What do we want? Four-hour erections! When do we want them? Now!

Published November 13, 2009 4:52PM (EST)

Great moments in American labor history:

1892: An attempt by Andrew Carnegie and Henry Clay Frick to break a steelworkers union led to a pitched gun battle between strikers and Pinkerton security forces in Homestead, Pennsylvania.

1894: 3000 employees of the Pullman Palace Car Company went on strike to protest a 30 percent wage cut.

1913: Silk mill workers in Paterson, New Jersey led by the Industrial Workers of the World go on strike seeking eight-hour days and better working conditions.

1937: The Great Flint Sit-Down Strike led to the first labor agreement between General Motors and the United Auto Workers.

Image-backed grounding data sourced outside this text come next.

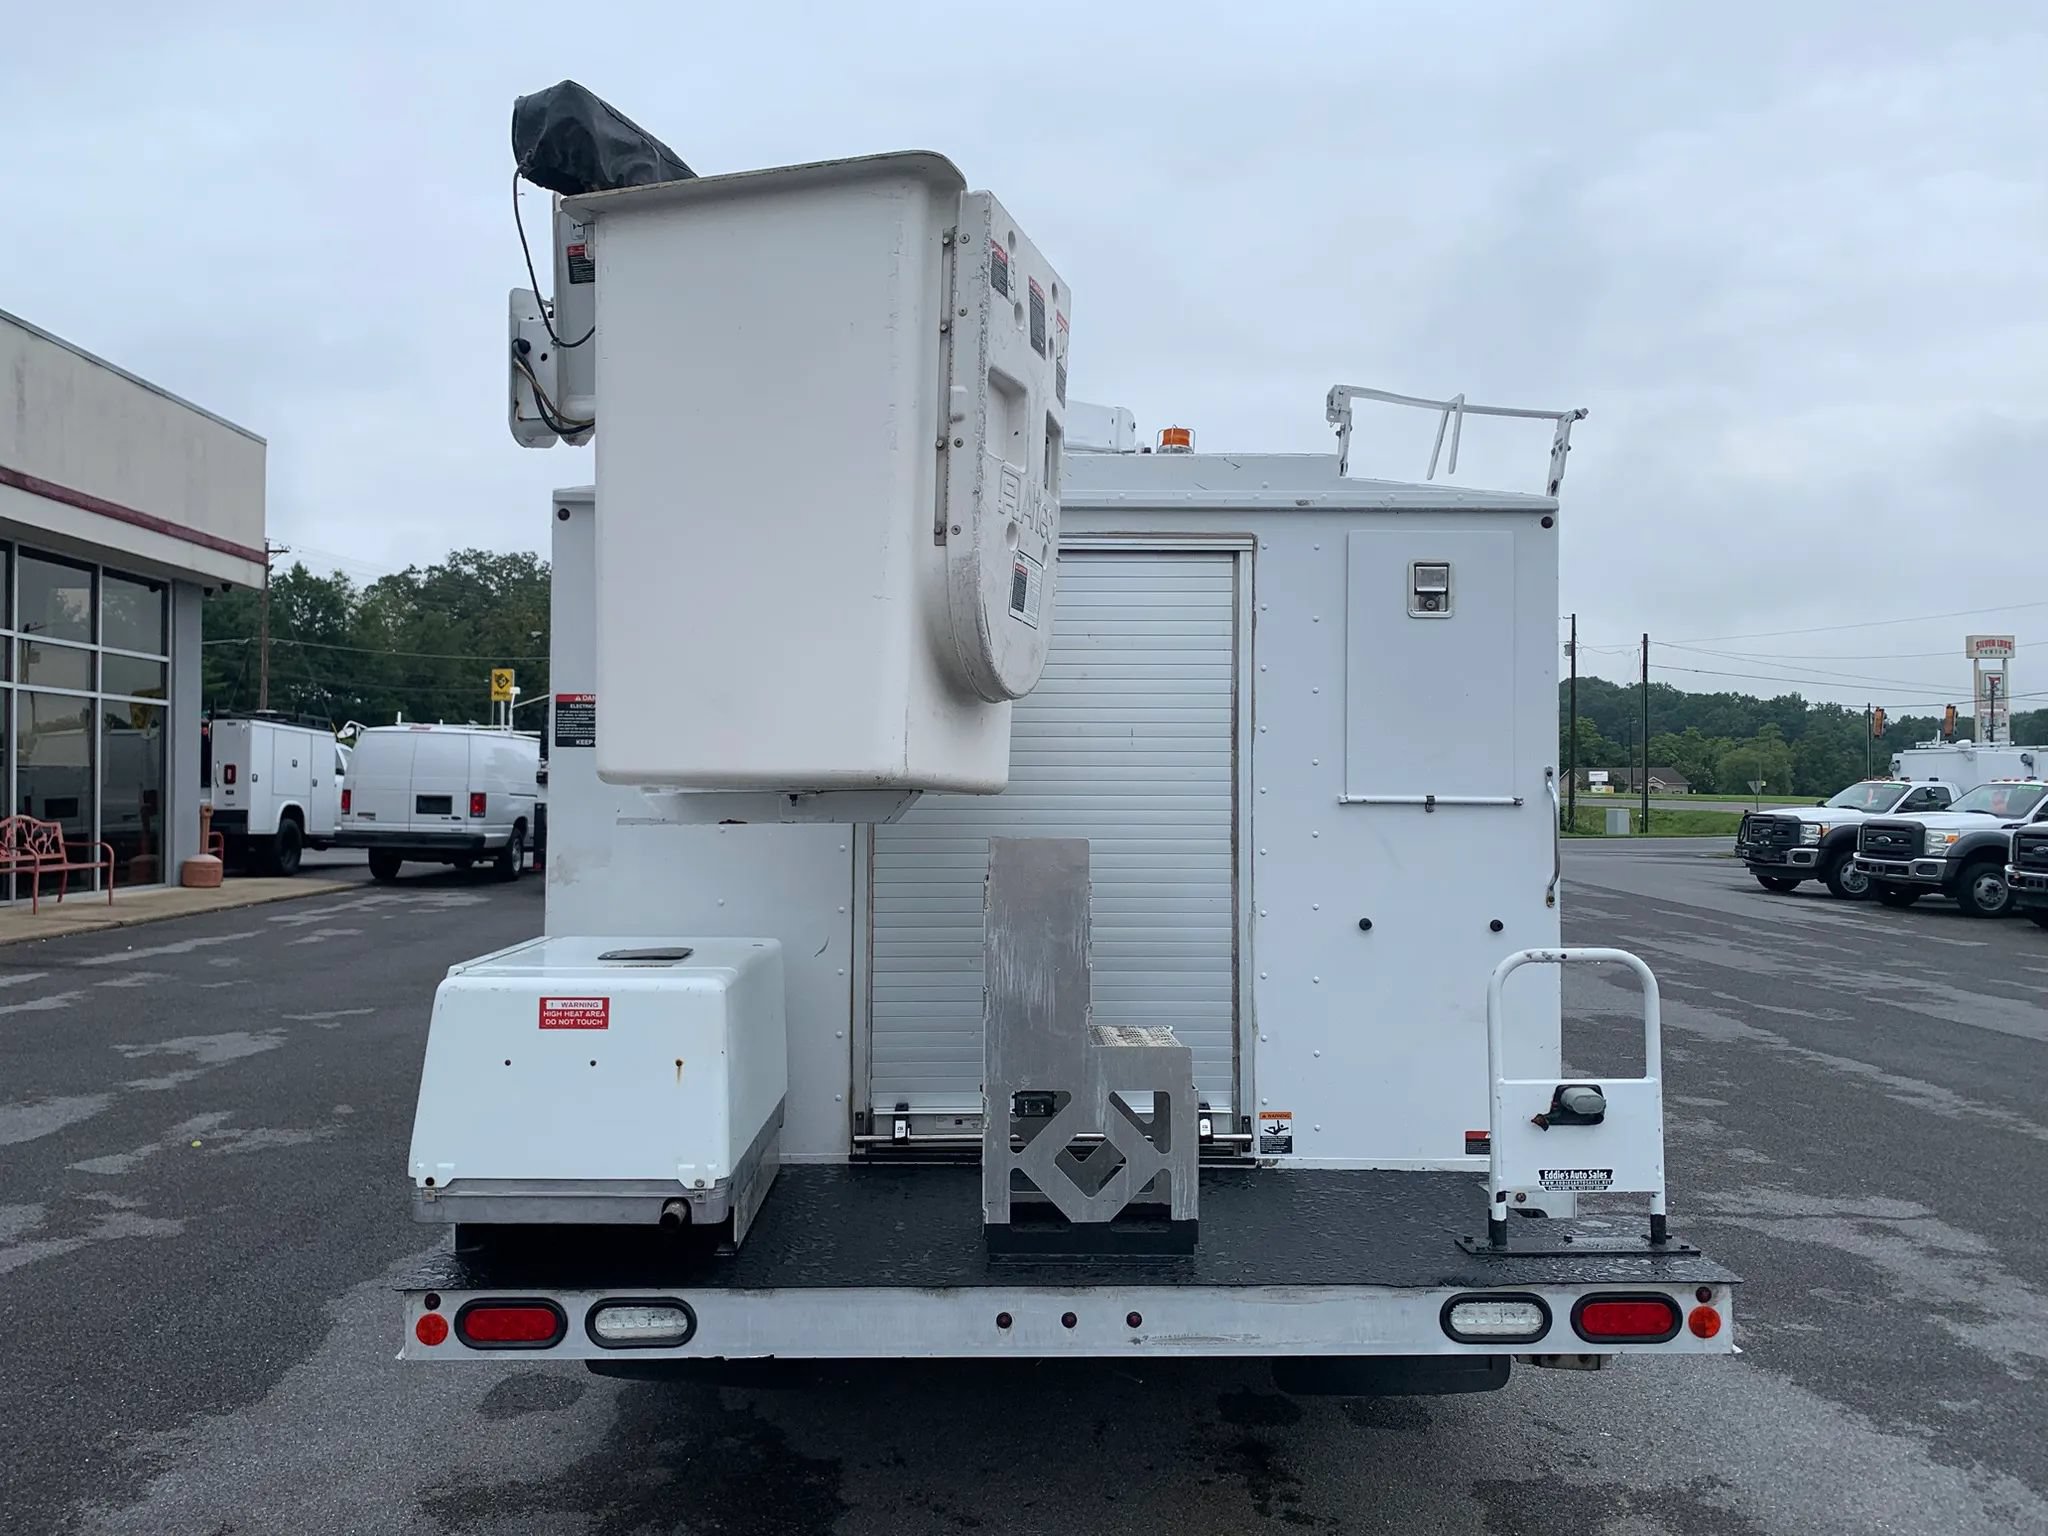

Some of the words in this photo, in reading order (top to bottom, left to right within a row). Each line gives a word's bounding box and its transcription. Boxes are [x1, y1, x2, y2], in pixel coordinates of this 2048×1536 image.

[545, 1018, 557, 1026] DO
[558, 1018, 575, 1026] NOT
[577, 1018, 603, 1026] TOUCH
[1544, 1170, 1569, 1180] Eddie's
[1570, 1170, 1588, 1179] Auto
[1588, 1169, 1608, 1179] Sales

2009: The employees of the Southeastern Pennsylvania Transportation Authority (SEPTA) end a strike after convincing the bosses to increase Viagra coverage: (Found via Jim Edwards' BNET Pharma blog.)

The Southeastern Pennsylvania Transportation Authority has agreed to cover almost all of its rising health-care costs, and to increase coverage for Pfizer's (PFE) Viagra and other erectile dysfunction treatments, the Philadelphia Daily News reports. Workers are unhappy that their health insurance plan only covers about 10 pills a month.

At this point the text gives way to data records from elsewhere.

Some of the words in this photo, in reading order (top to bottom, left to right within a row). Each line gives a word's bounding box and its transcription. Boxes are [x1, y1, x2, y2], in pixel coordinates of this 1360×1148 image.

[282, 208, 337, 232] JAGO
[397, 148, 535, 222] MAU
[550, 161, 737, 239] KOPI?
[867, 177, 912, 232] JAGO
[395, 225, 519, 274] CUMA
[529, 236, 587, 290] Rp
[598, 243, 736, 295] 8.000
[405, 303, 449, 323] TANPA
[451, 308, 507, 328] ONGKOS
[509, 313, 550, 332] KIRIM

To be fair, there was far more at issue in the SEPTA strike than merely erectile dysfunction healthcare coverage. Wages, pension fund contributions, and the prospect of changes in healthcare costs after federal legislation passes were all part of the contested deal. But when one considers what the miners, steelworkers, railworkers and seamstresses of decades past fought and died for, the right to more than ten pills of Viagra a month signifies a peculiarly modern form of labor movement progress.

Which is not to say and sex and labor militancy haven't gone together for a long long time. In Aristophanes' "Lysistrata" the women of Athens withheld sex in an effort to stop the Peloponnesian War. In Philadelphia in 2009 transit workers withheld their labor in an effort, in part, to enhance their sex lives.